When crypto is down, these people come out to gloat. But when it’s rising, they can’t contain their anger.
There’s no doubt about it…
The invention and rise of Bitcoin has been a savage blow to most financial ‘experts’ egos.
They resent the fact that this asset class continues to grow despite the antagonism and attacks from all the insiders and cronies that make up their corrupted ranks.
They’re losing control of their money printer.
And they hate it!
Unfortunately for them, Bitcoin doesn’t care.
Over the past 15 years, it has continued to attract new supporters in all manner of places.

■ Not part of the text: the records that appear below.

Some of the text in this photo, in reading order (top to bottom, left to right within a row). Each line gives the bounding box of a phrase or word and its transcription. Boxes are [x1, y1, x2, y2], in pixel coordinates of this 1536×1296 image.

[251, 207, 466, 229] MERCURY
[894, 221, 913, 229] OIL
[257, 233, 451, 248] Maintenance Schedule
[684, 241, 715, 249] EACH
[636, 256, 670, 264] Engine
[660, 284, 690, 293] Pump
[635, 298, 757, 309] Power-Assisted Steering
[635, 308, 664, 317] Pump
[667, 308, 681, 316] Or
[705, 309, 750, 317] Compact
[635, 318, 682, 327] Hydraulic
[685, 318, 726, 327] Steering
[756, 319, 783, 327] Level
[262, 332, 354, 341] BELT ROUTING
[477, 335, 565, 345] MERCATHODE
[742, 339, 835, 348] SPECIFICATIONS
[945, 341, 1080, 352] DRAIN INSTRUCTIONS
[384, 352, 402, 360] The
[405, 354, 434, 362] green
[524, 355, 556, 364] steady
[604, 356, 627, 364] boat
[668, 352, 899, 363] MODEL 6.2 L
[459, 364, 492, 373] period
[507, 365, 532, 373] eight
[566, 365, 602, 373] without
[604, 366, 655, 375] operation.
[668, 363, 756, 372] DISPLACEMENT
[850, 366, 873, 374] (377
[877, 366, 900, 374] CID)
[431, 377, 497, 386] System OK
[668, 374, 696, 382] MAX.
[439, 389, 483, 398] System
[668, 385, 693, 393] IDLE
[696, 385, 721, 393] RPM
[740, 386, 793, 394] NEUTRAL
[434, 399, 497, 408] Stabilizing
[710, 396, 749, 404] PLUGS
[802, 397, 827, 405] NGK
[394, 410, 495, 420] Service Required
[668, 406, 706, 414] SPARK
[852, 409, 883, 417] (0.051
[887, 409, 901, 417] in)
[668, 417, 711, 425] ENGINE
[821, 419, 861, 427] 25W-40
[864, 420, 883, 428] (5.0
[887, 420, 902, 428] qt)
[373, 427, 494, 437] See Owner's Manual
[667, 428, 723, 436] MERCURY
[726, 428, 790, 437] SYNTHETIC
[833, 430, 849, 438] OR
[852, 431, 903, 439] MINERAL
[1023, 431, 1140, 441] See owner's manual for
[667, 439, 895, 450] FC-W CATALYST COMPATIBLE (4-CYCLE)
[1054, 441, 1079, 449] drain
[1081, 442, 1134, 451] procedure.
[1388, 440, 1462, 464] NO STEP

And as a resilient, decentralised monetary network it has continued to operate as intended through all market conditions too.
Smart people are starting to realise the fact that Bitcoin is unstoppable.
Countries like Argentina, Suriname and Columbia are now joining the likes of El Salvador and actively exploring ways to integrate Bitcoin into their economies.
Even financial firms like Blackrock and Fidelity have radically changed their tune on Bitcoin.
In June this year, Blackrock shocked the world by announcing they would be applying for a Bitcoin spot ETF (exchange traded fund).
This was a complete 180 from a company whose CEO, Larry Fink, had once called Bitcoin an ‘index of fraud.’
The announcement set the stage for a raft of similar ETF applications from other major money managers.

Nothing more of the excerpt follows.